_Action item_
Will you extract the entries word for word? Images should not appear in the copy.

_Exercise material_
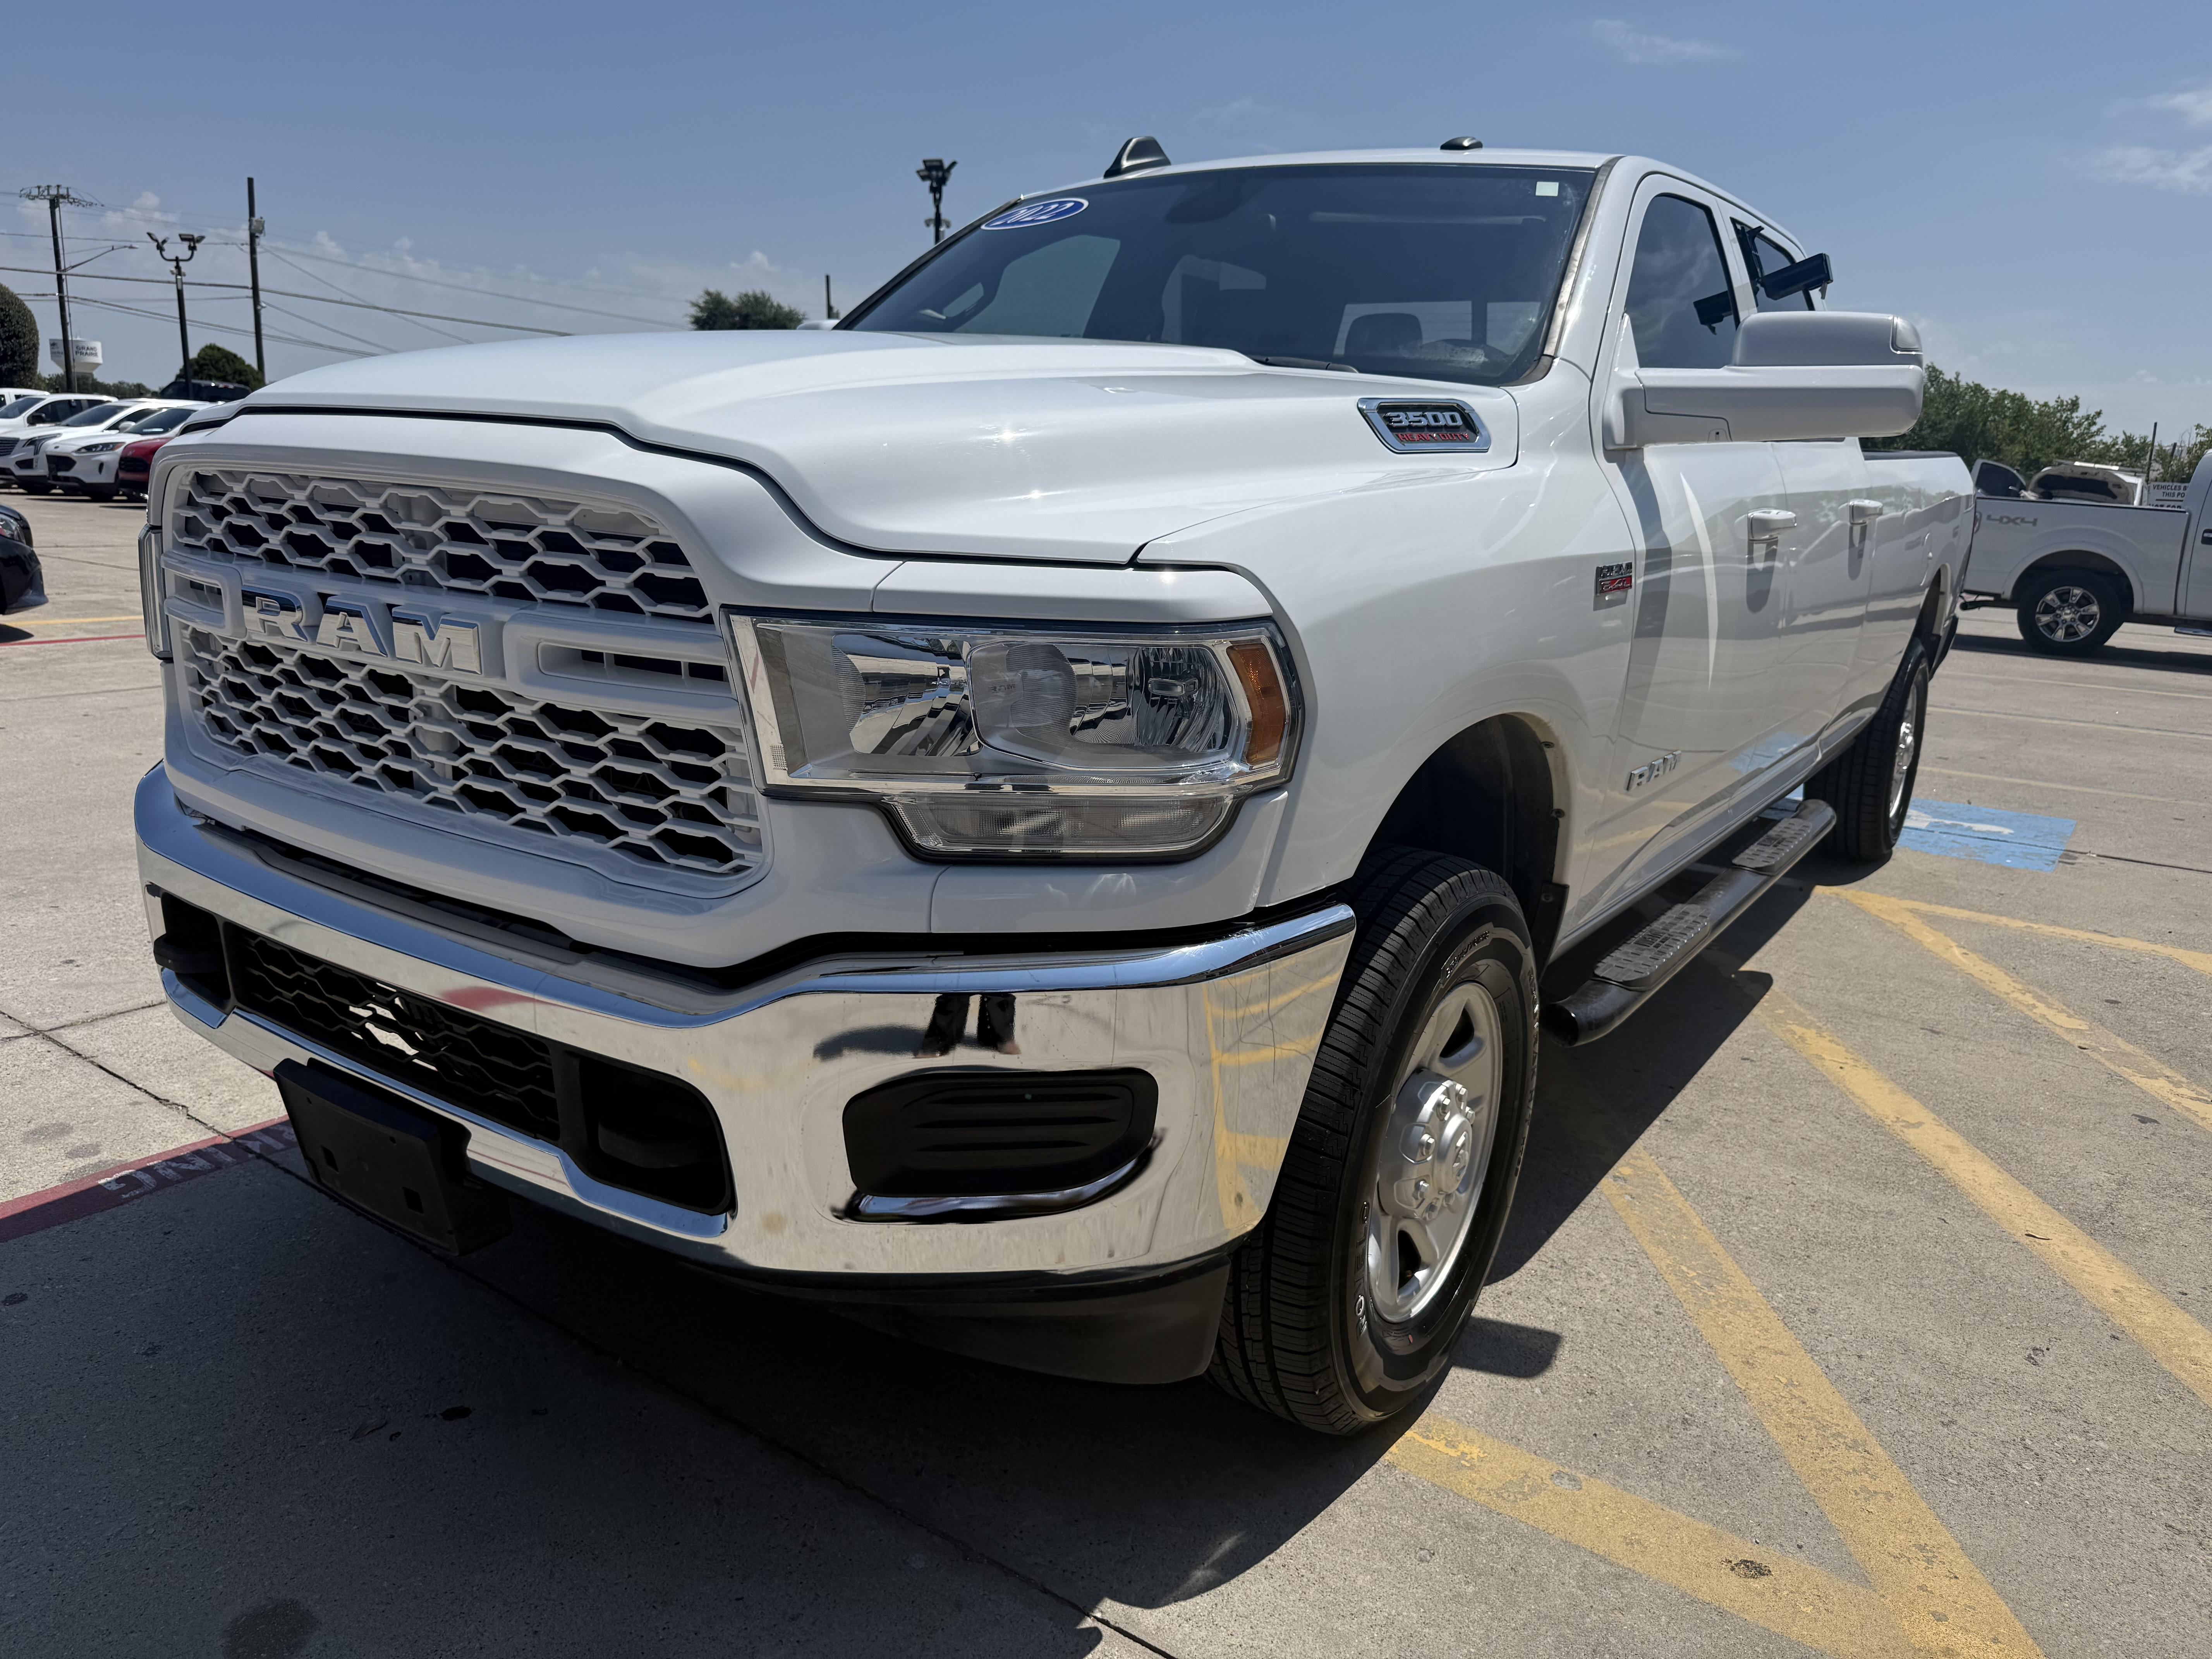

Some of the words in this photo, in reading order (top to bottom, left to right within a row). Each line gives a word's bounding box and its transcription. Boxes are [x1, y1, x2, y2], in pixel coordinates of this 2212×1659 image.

[989, 202, 1075, 226] 2022
[1382, 411, 1463, 426] 3500
[1396, 433, 1438, 441] HEAVY
[241, 584, 481, 675] RAM
[1625, 750, 1682, 792] RAM
[1354, 1201, 1369, 1338] ROVELO
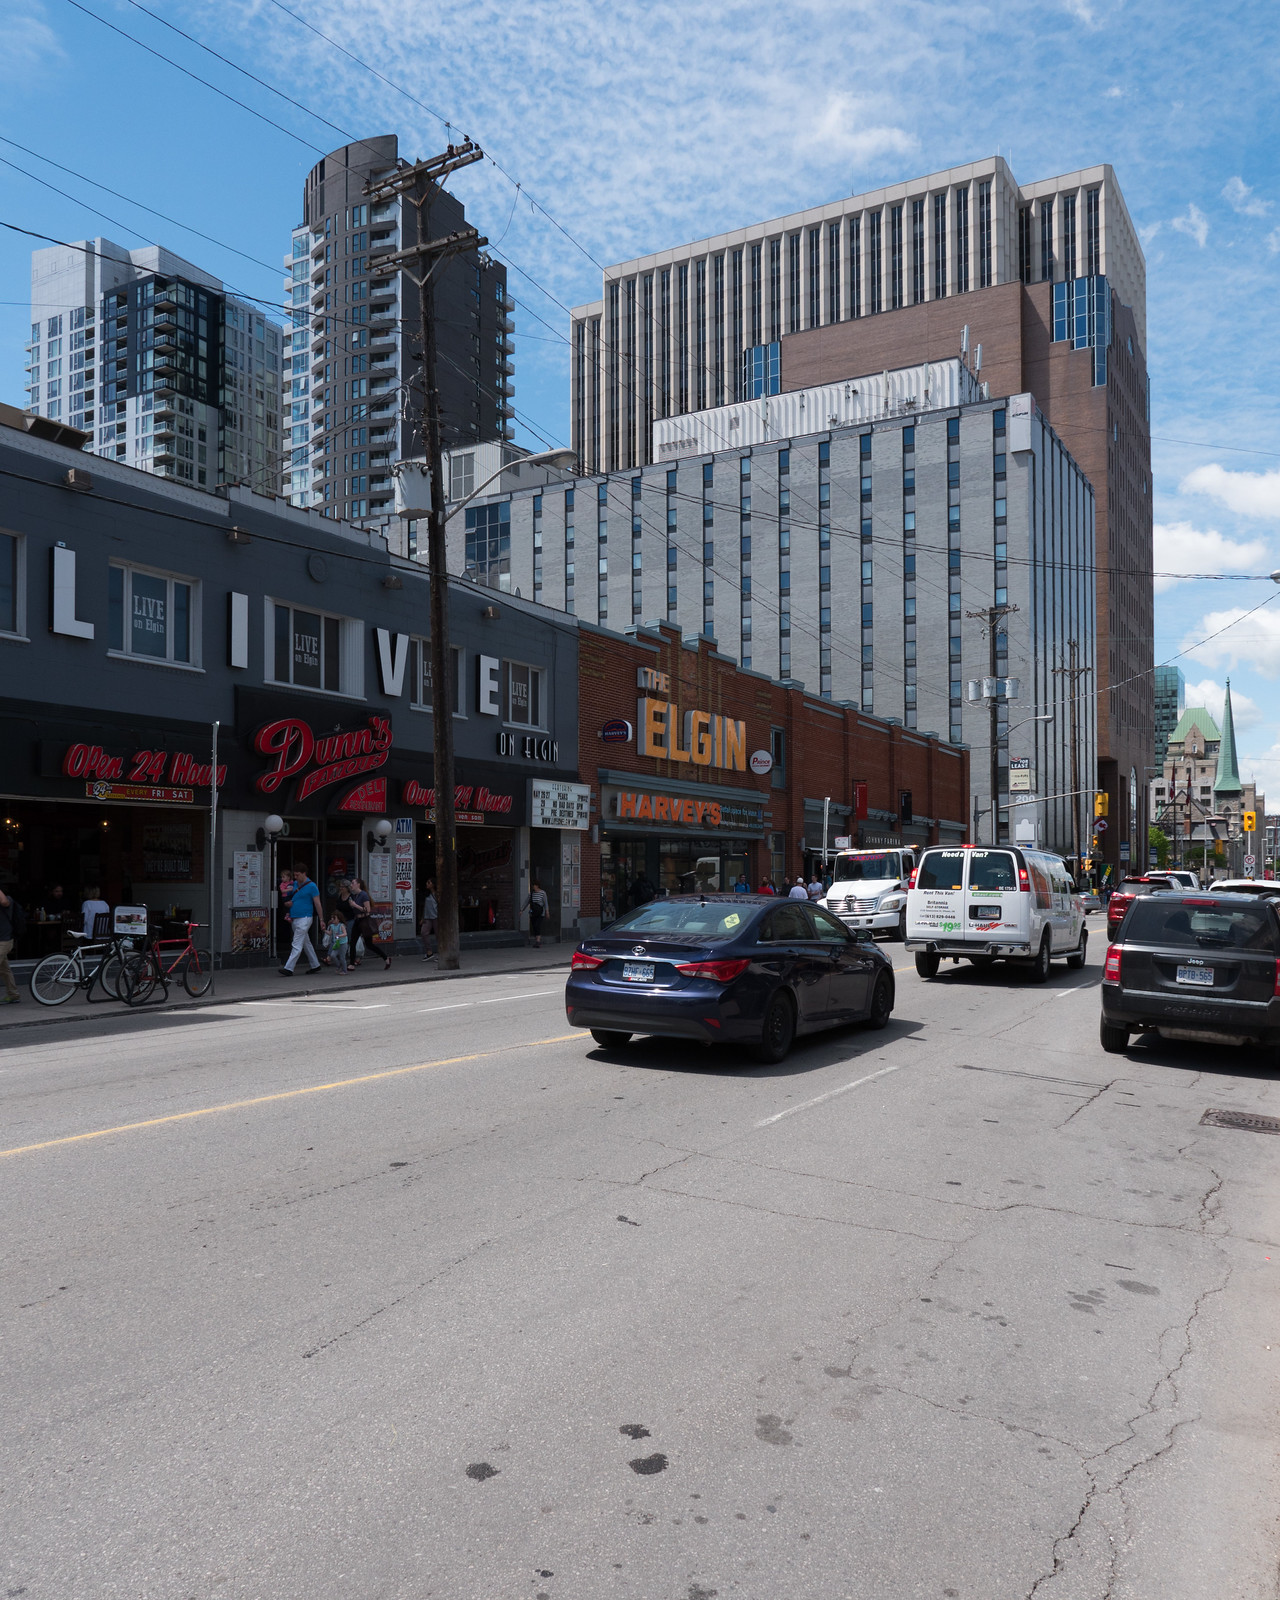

_Worked solution_
Some of the words in this photo, in reading order (top to bottom, left to right within a row). Each line gives a word's bounding box and its transcription. Boxes are [x1, y1, x2, y2], in pixel coordinates of this 2212×1659 image.

[989, 202, 1075, 226] 2022
[1382, 411, 1463, 426] 3500
[1396, 433, 1438, 441] HEAVY
[241, 584, 481, 675] RAM
[1625, 750, 1682, 792] RAM
[1354, 1201, 1369, 1338] ROVELO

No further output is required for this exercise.